Presidente da SBPC concede entrevista à Fiocruz Amazônia

Em entrevista à Fiocruz Amazônia Revista, Ildeu Moreira de Castro, presidente da SBPC, falou sobre a redução e contingenciamentos de recursos que atingem a área de Ciência, Tecnologia e Inovação. O gestor falou ainda sobre o papel da ciência, sobre questões da Amazônia e as estratégias da entidade para fortalecer a Divulgação Científica no Brasil.

CONFIRA A ENTREVISTA:

Professor e pesquisador do Instituto de Física da Universidade Federal do Rio de Janeiro (UFRJ), Ildeu Moreira de Castro assumiu em julho de 2017 mais um desafio importante em sua extensa carreira: comandar a Sociedade Brasileira para o Progresso da Ciência (SBPC).

A entidade foi criada em 1948 e se dedica ao avanço científico, tecnológico, do desenvolvimento educacional e cultural do País, agregando 127 sociedades científicas associadas de todas as áreas do conhecimento. Em entrevista exclusiva à Fiocruz Amazônia Revista, Ildeu falou sobre a trajetória de sete décadas da SBPC e os principais desafios que a comunidade científica enfrenta.

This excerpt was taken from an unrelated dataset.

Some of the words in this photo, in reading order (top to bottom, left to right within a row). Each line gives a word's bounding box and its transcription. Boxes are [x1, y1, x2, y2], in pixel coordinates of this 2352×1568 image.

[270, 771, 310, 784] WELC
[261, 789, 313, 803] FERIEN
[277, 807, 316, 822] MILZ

Nesse sentido, ele manifestou preocupação com a redução e contingenciamentos de recursos que atingem a área de Ciência, Tecnologia e Inovação. “O corte atinge a sociedade em vários aspectos. Primeiro, porque hoje a ciência e tecnologia é cada vez mais um elemento fundamental para as nações”, pontuou.

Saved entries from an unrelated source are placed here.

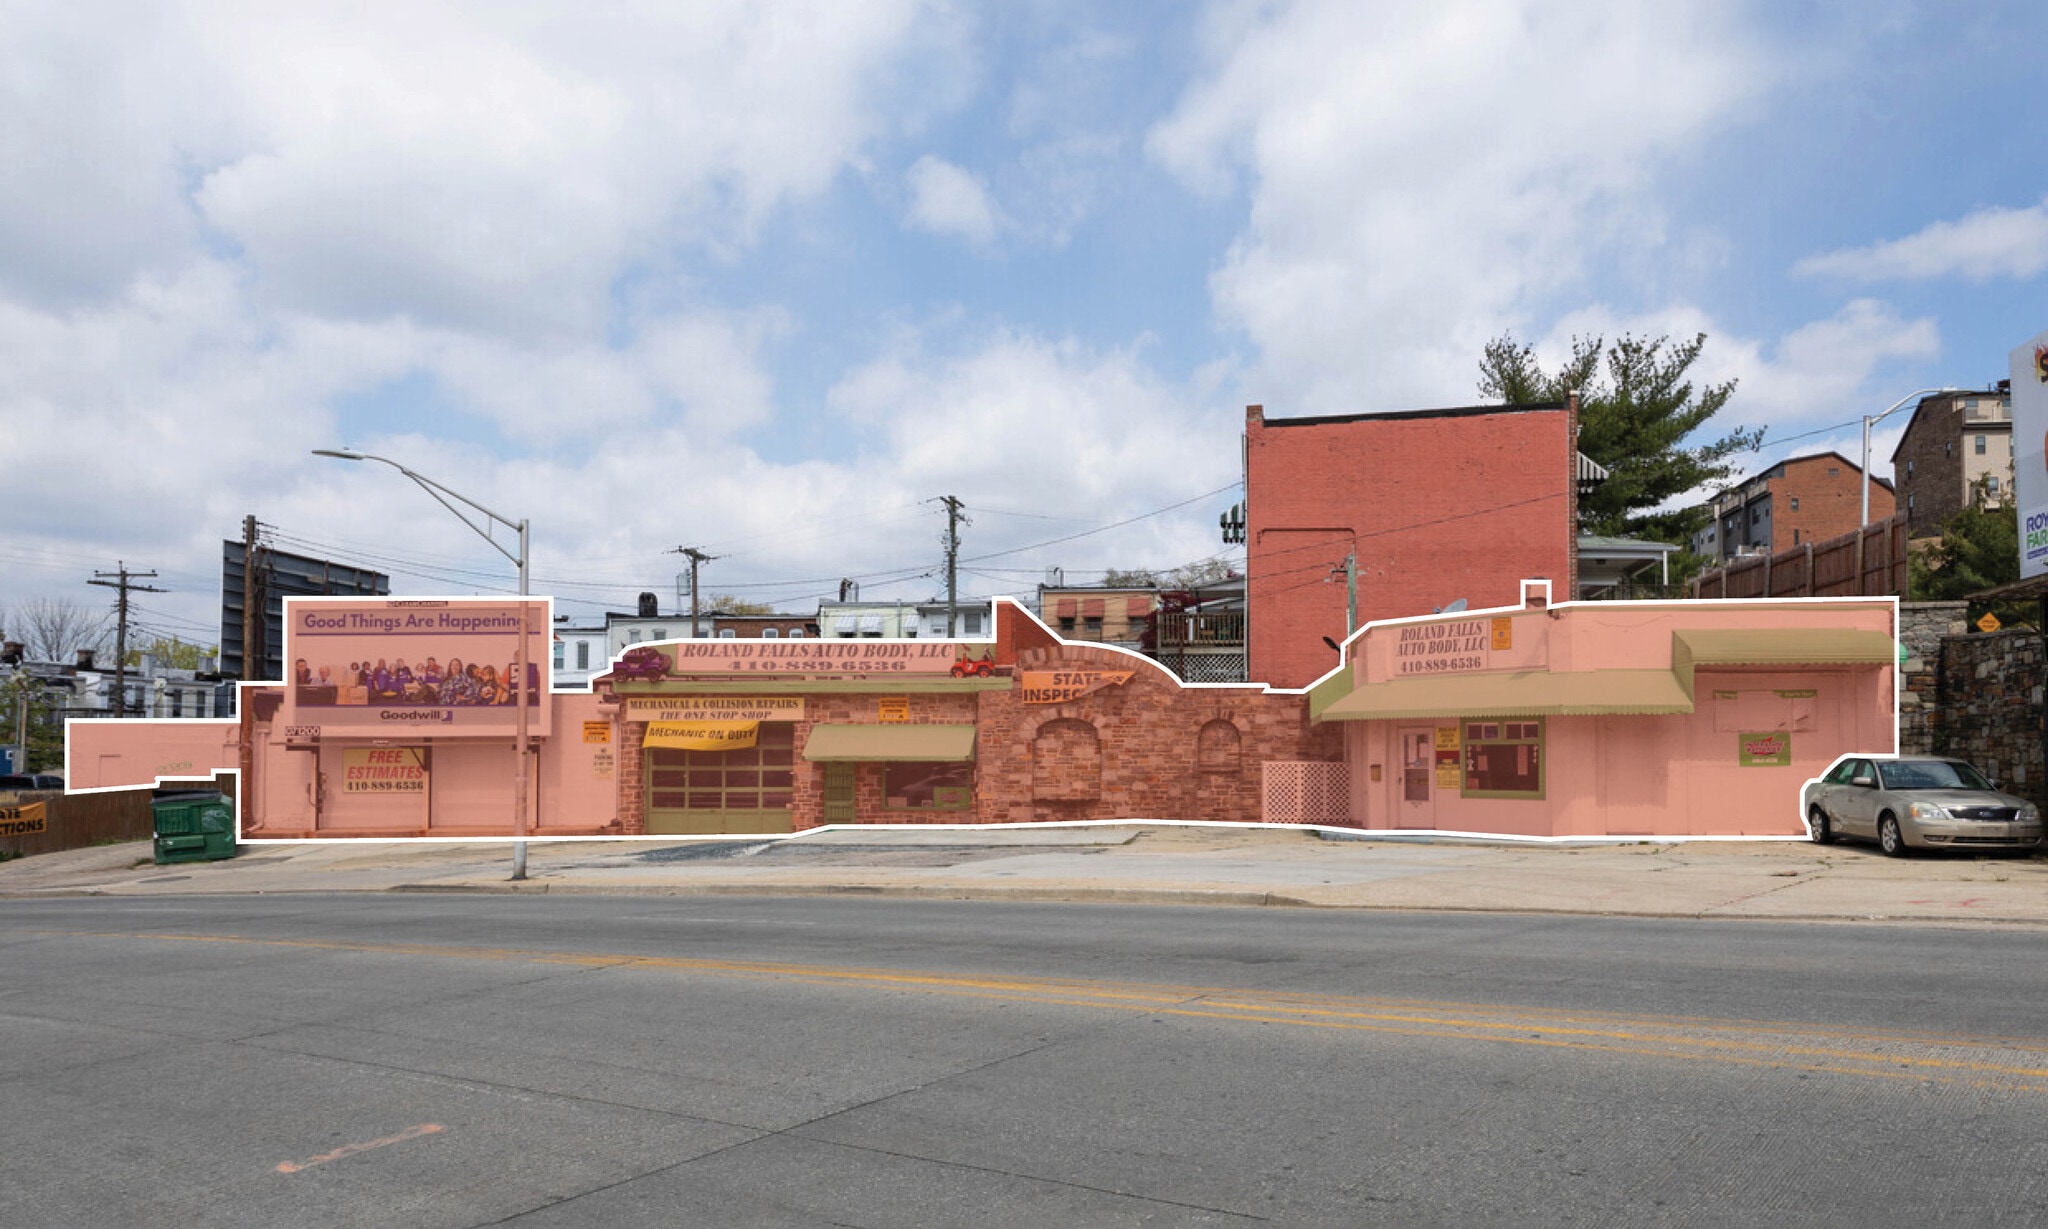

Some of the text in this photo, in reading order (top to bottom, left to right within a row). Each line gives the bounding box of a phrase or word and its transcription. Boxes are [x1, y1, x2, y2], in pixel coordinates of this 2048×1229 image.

[304, 613, 347, 628] Good
[349, 613, 401, 632] Things
[405, 613, 434, 628] Are
[1400, 624, 1446, 642] ROLAND
[1447, 621, 1484, 638] FALLS
[683, 644, 952, 660] ROLAND FALLS AUTO BODY, LLC
[1396, 636, 1488, 657] AUTO BODY, LLC
[727, 660, 907, 671] 410-889-6536
[1400, 656, 1481, 673] 410-889-6536
[1023, 688, 1084, 702] INSPEC
[630, 699, 799, 710] MECHANICAL & COLLISION REPAIRS
[380, 710, 441, 721] Goodwill
[660, 711, 772, 720] THE ONE STOP SHOP
[648, 727, 755, 741] MECHANIC ON DUTY
[368, 750, 403, 764] FREE
[347, 765, 424, 780] ESTIMATES
[347, 781, 424, 791] 410-889-6536

O gestor falou também sobre os seminários temáticos promovidos por todo o País com assuntos voltados para o desenvolvimento social, educacional e científico. Tratou ainda do papel da ciência sobre questões da Amazônia e as estratégias da entidade para fortalecer a Divulgação Científica no País.

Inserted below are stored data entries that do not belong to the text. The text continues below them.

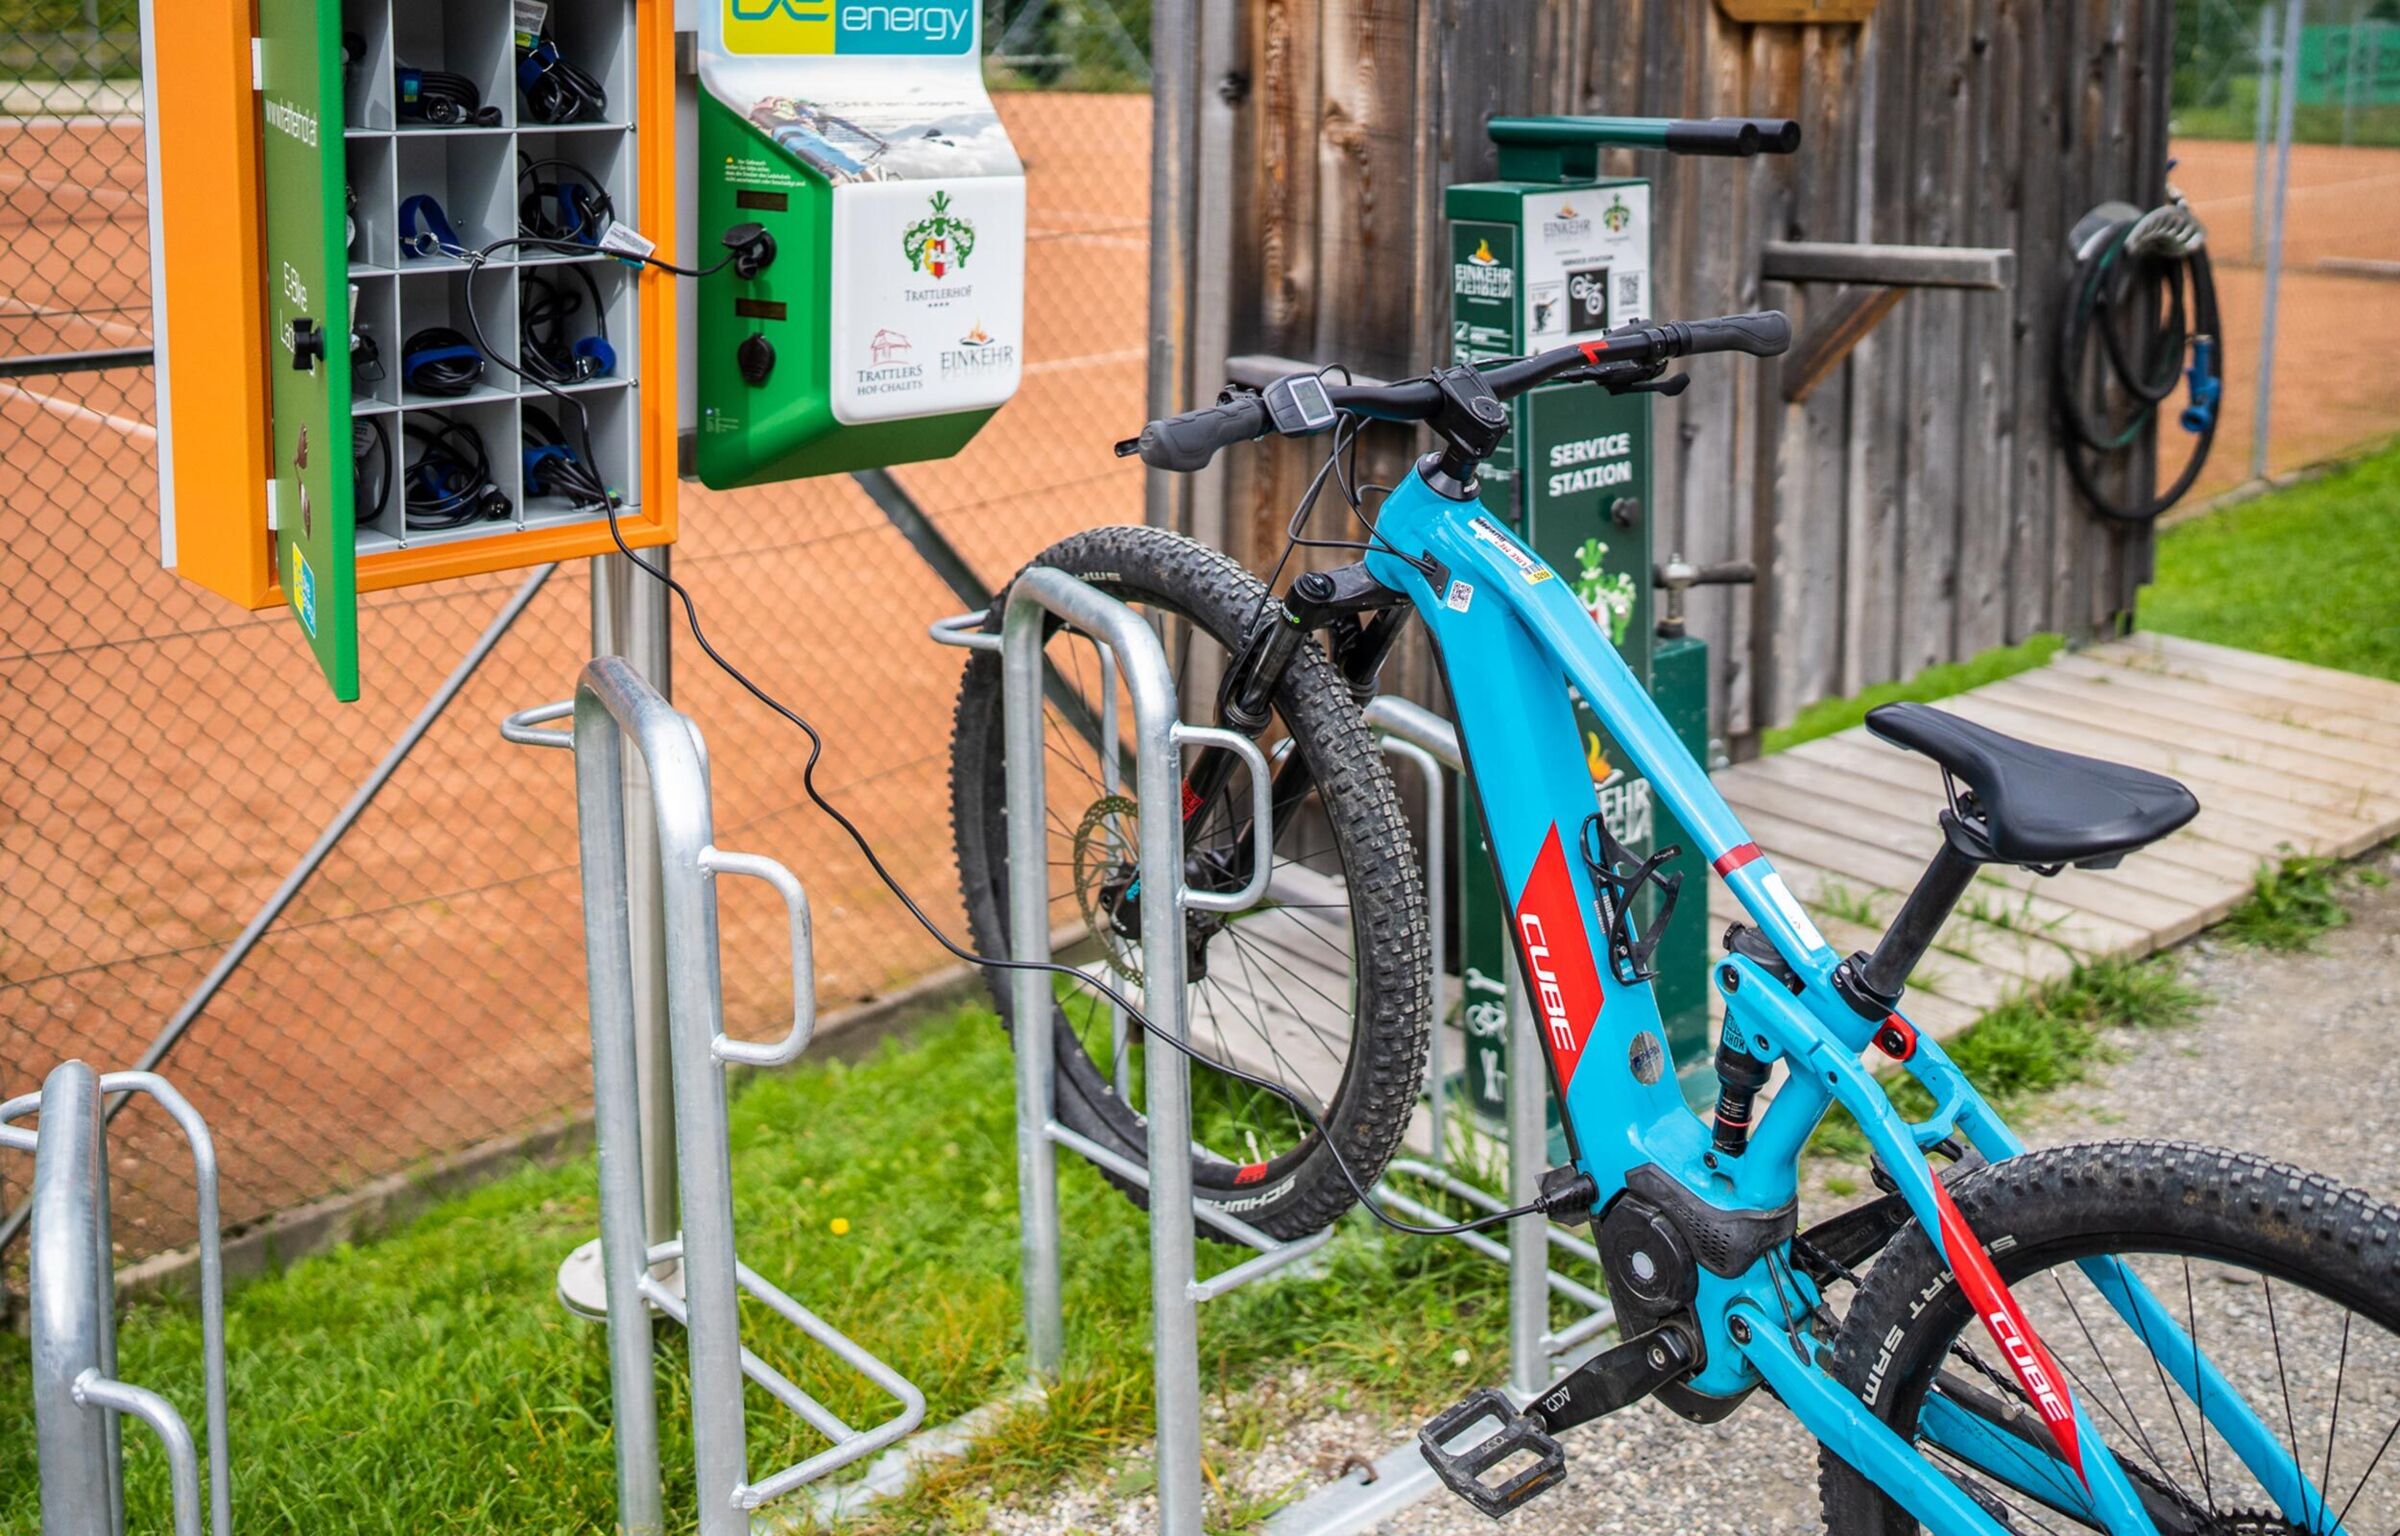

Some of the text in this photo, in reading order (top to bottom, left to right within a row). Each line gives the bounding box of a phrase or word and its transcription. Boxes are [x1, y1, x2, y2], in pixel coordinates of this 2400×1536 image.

[842, 6, 968, 41] energy
[1454, 263, 1512, 283] EINKEHR
[904, 284, 974, 302] TRATTLERHOF
[857, 364, 923, 384] TRATTLERS
[940, 345, 1014, 371] EINKEHR
[1550, 433, 1631, 468] SERVICE
[1549, 461, 1632, 497] STATION
[1520, 912, 1577, 1052] CUBE
[1862, 1323, 1905, 1407] SAM
[1988, 1311, 2070, 1422] CUBE

Fiocruz Amazônia Revista – A SBPC completou 70 anos, em 2018. Foram muitos desafios, dificuldades e também conquistas e vitórias em prol da ciência e da sociedade. Como o senhor avalia a atuação da instituição para o avanço das discussões e políticas científicas no País e, sobretudo, quais as perspectivas para o futuro considerando a crise política e institucional que enfrentamos?

Ildeu Castro – Em primeiro lugar, a SBPC tem sete décadas de atuação muito intensa na ciência, na educação e na democracia do País e essa história, de certa maneira, é paralela ao crescimento da ciência brasileira nas últimas décadas. A entidade, desde seu início, batalhou muito pela criação das instituições de pesquisa e das agências de fomento e ainda na sua criação ela estava batalhando pela continuidade das pesquisas de São Paulo.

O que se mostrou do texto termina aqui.